Mentally ill slipping through the cracks
The treatment and rehabilitation of mental patients and their underlying threat to the community have again come under the spotlight in the wake of a recent chopping attack involving one such patient in Kwai Shing, which left two dead and three seriously injured.
The welfare of mental patients remains a serious problem in Hong Kong. Between September 2008 and August last year, there were 64 suicide cases involving mental patients, and eight cases of homicide and wounding. According to the Food and Health Bureau, about 150,000 Hongkongers suffer from various degrees of psychiatric problems, of whom more than 40,000 have severe disorders.
The government has increased its spending on mental health services in recent years, with total health spending of HK$3 billion. But with only 150 specialist nurses to cover such a huge number of patients with serious mental disorders, there is an obvious shortage of resources in this area. For example, in order to provide these 40,000 patients with a home visit every month, the nurses are required to visit at least 10 families per day. It's not difficult to see that we are facing a ticking time bomb due to a serious lack of resources.
After the recent tragedies, the media-savvy secretary for labour and welfare, Matthew Cheung Kin-chung, and Secretary for Food and Health York Chow Yat-ngok, the two relevant officials, made no public response. Instead, it was Secretary for Transport and Housing Eva Cheng who addressed the media because the attack took place on a public housing estate. If we apply this absurd logic, does that mean if a similar tragedy takes place in a private residential unit in future, the two will again remain silent?
This has exposed the fact that our government does not have a comprehensive strategy and wide-ranging programmes to deal with the treatment and rehabilitation services for people with mental illnesses. There doesn't seem to be any collaboration between departments to co-ordinate responses and services even when serious cases emerge.
After the attacks, the chief executive expressed serious concern and noted that the government had spent HK$30 million extra to boost mental health care services last year, and increased this year's budget to HK$100 million. However, the resources do not match the size of the problem. We don't have the dedicated manpower and resources to co-ordinate rehabilitation programmes for the increasing number of mentally ill in Hong Kong.
In theory, we follow the widely accepted international practice of helping psychiatric patients reintegrate into society through community rehabilitation programmes. Unfortunately, these initiatives have not been fully implemented, with only one of the 20 outreach teams conducting services, in Tin Shui Wai. The remaining teams are unable to roll out their services because of a lack of support from local community groups. But even if all 20 teams could work at full steam, our outreach programmes are still not comparable to those overseas.

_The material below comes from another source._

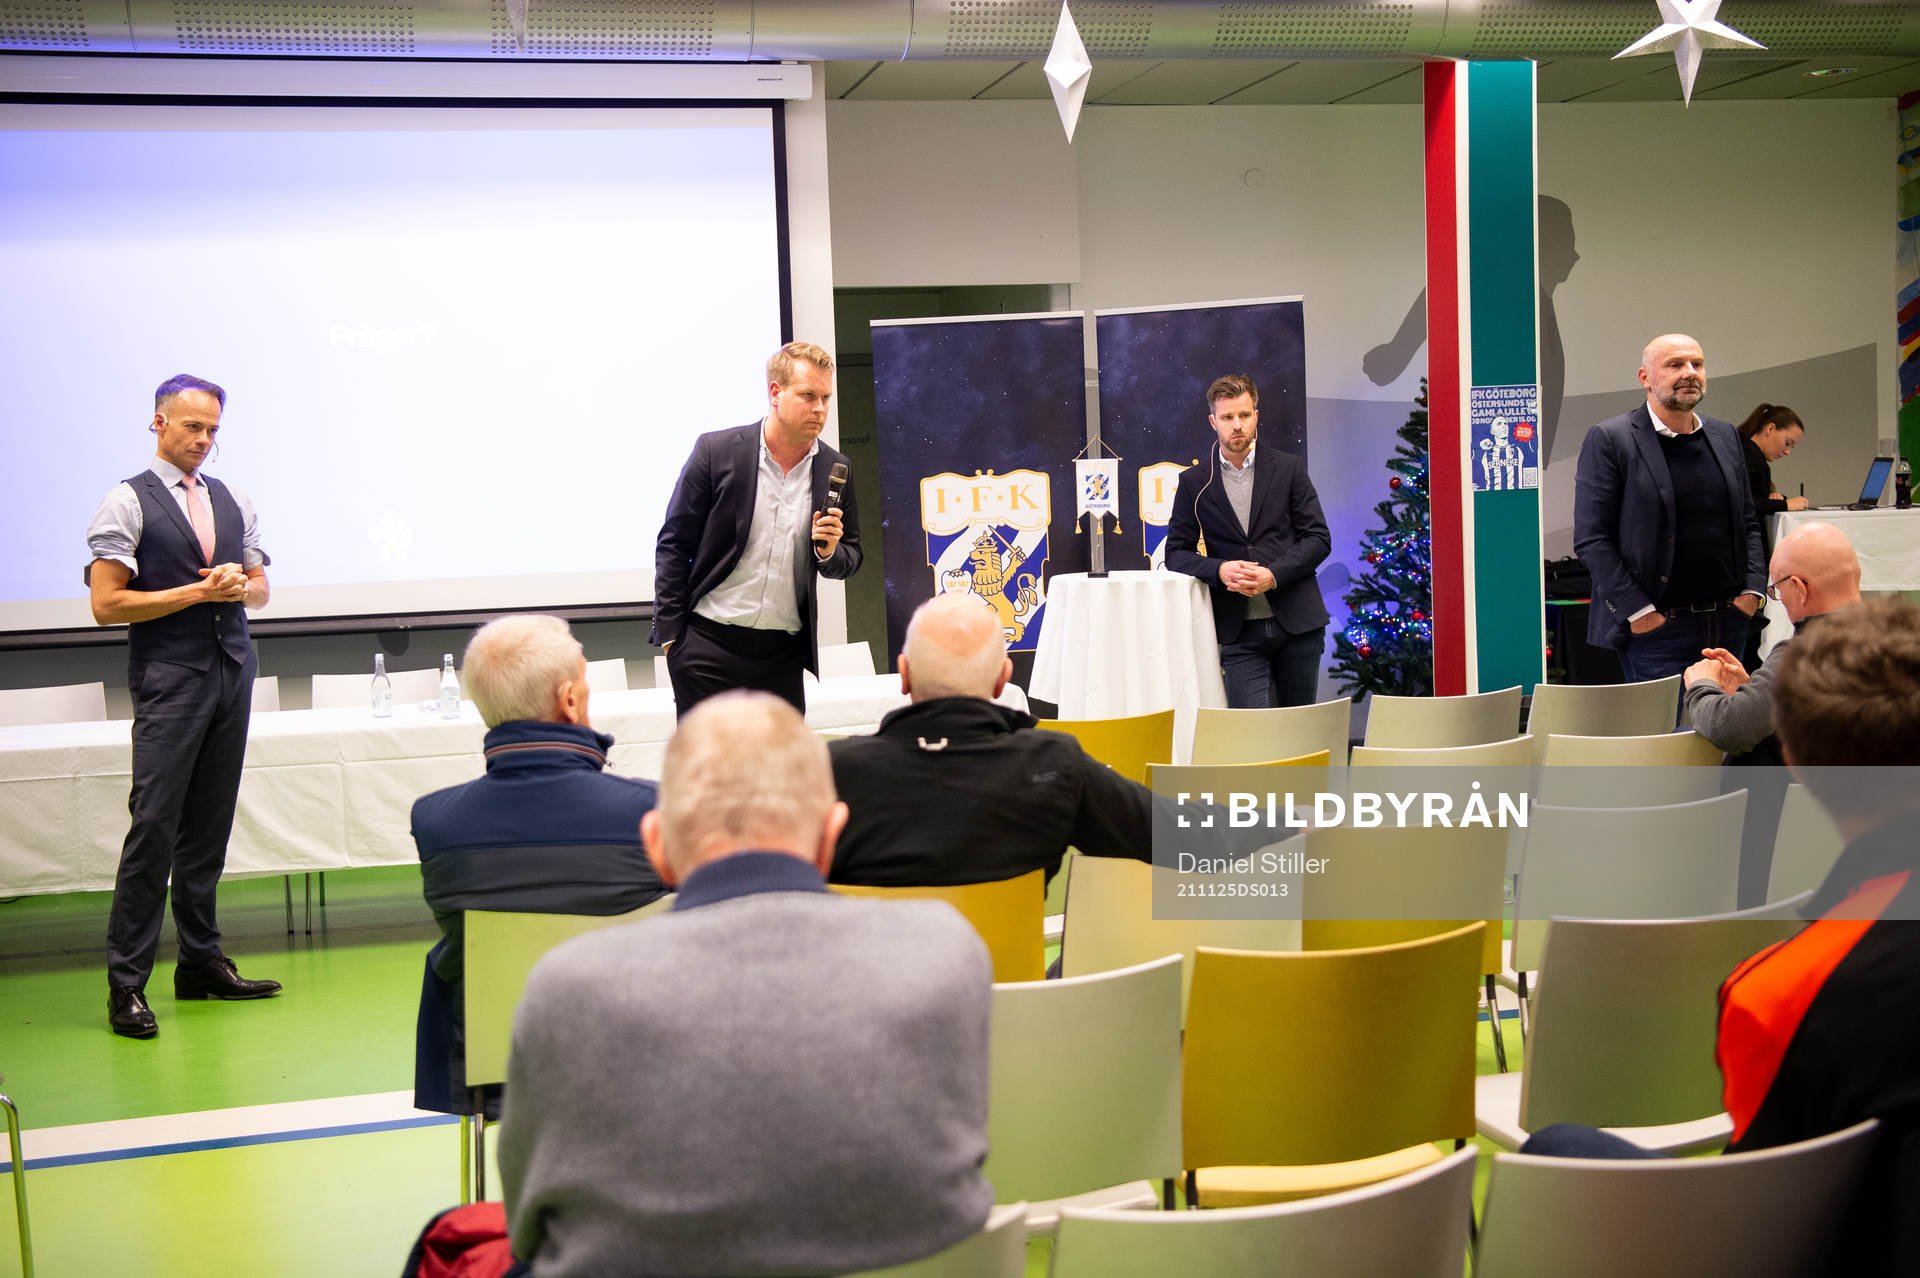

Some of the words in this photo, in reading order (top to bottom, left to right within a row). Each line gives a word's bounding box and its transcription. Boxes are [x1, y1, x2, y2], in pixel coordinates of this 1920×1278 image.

A good outreach service is a comprehensive strategy that addresses and manages the needs of each patient until he or she recovers. For example, if patients have no family support, the health care manager can help them apply for public housing and financial assistance. A well-run outreach programme can closely monitor patients and alert relevant parties if their condition deteriorates.
We need a comprehensive strategy to support the development of mental health services and strengthen the coherence and effectiveness of current and future initiatives to prevent the recurrence of similar tragedies.